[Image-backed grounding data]

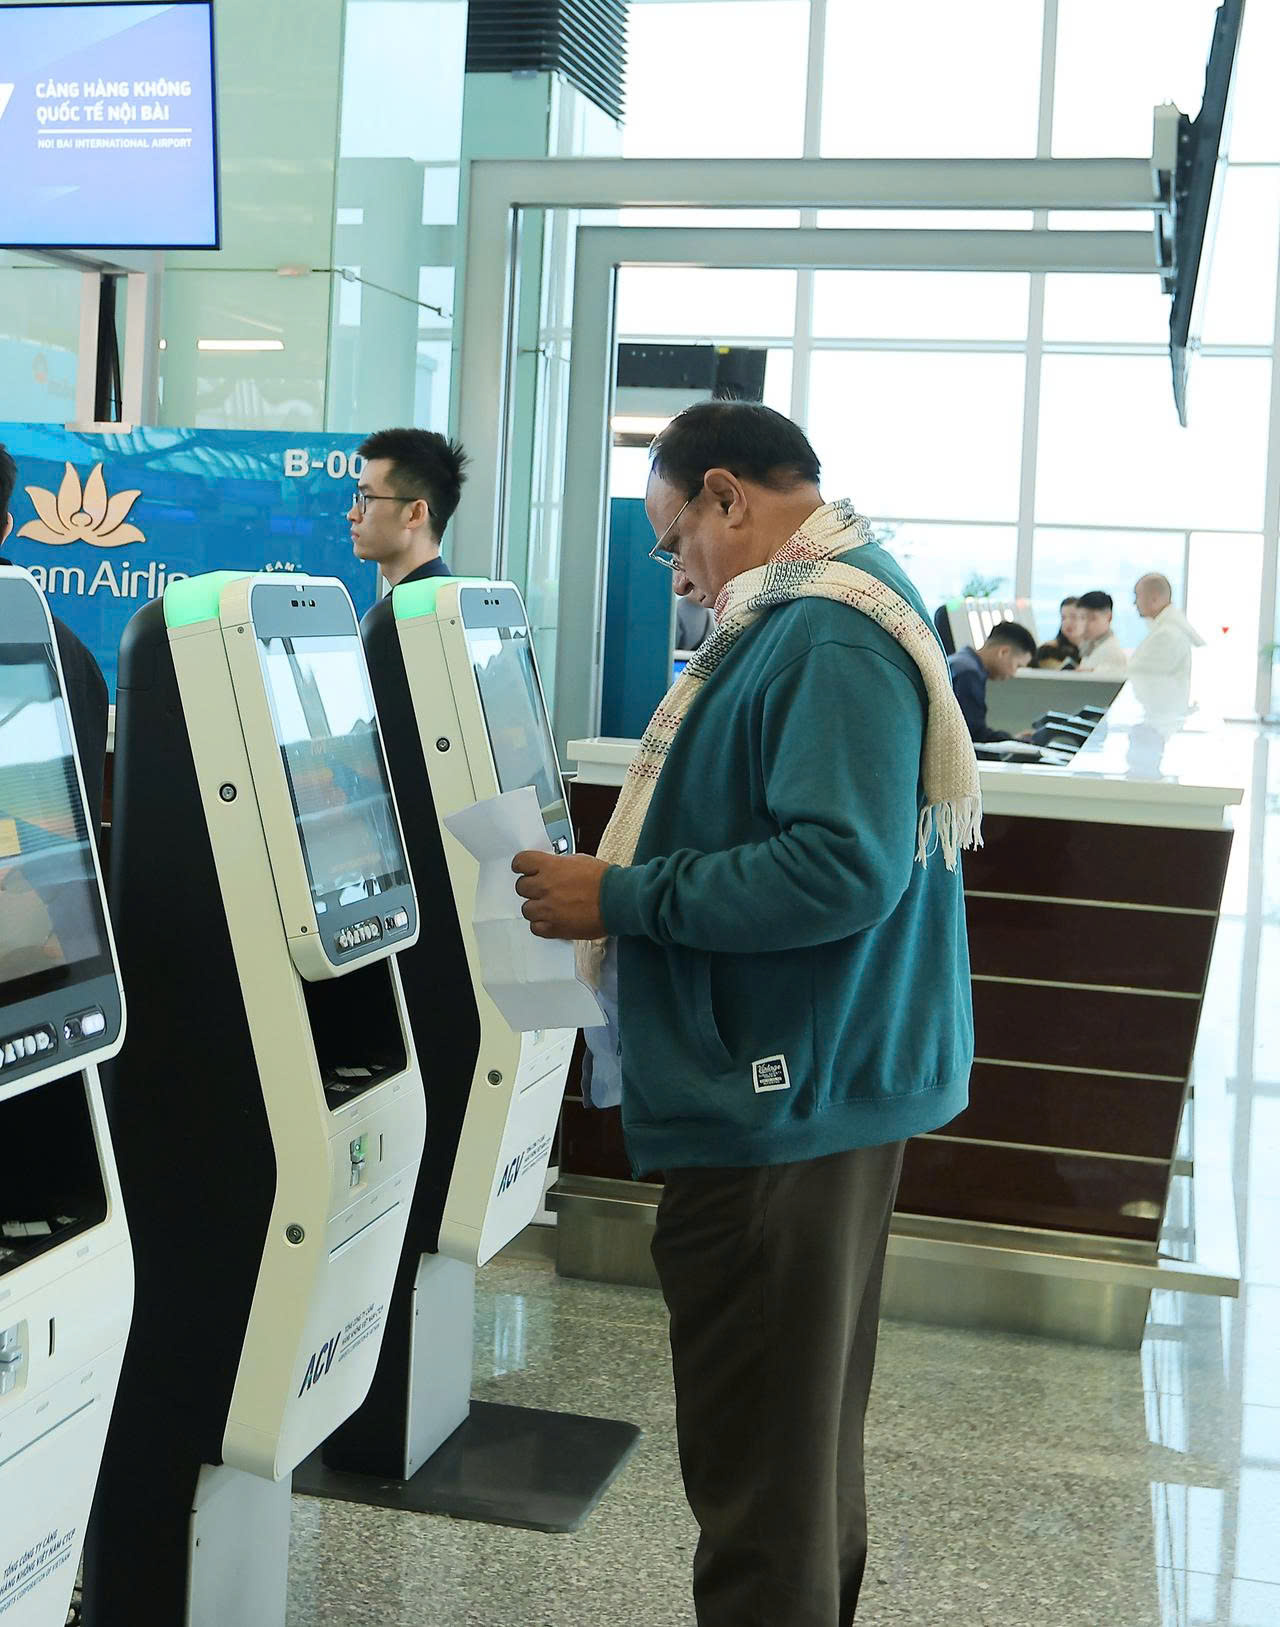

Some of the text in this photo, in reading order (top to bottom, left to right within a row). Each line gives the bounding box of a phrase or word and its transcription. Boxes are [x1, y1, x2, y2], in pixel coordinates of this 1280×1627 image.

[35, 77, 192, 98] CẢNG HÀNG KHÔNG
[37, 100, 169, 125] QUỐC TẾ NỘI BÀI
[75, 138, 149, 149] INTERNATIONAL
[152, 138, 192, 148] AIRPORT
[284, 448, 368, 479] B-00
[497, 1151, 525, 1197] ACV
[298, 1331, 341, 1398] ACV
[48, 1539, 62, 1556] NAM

→ **Work to complete**
Nothing but an exact copy of the data, without its images, should make up your answer.

→ **Output**
Some of the text in this photo, in reading order (top to bottom, left to right within a row). Each line gives the bounding box of a phrase or word and its transcription. Boxes are [x1, y1, x2, y2], in pixel coordinates of this 1280×1627 image.

[35, 77, 192, 98] CẢNG HÀNG KHÔNG
[37, 100, 169, 125] QUỐC TẾ NỘI BÀI
[75, 138, 149, 149] INTERNATIONAL
[152, 138, 192, 148] AIRPORT
[284, 448, 368, 479] B-00
[497, 1151, 525, 1197] ACV
[298, 1331, 341, 1398] ACV
[48, 1539, 62, 1556] NAM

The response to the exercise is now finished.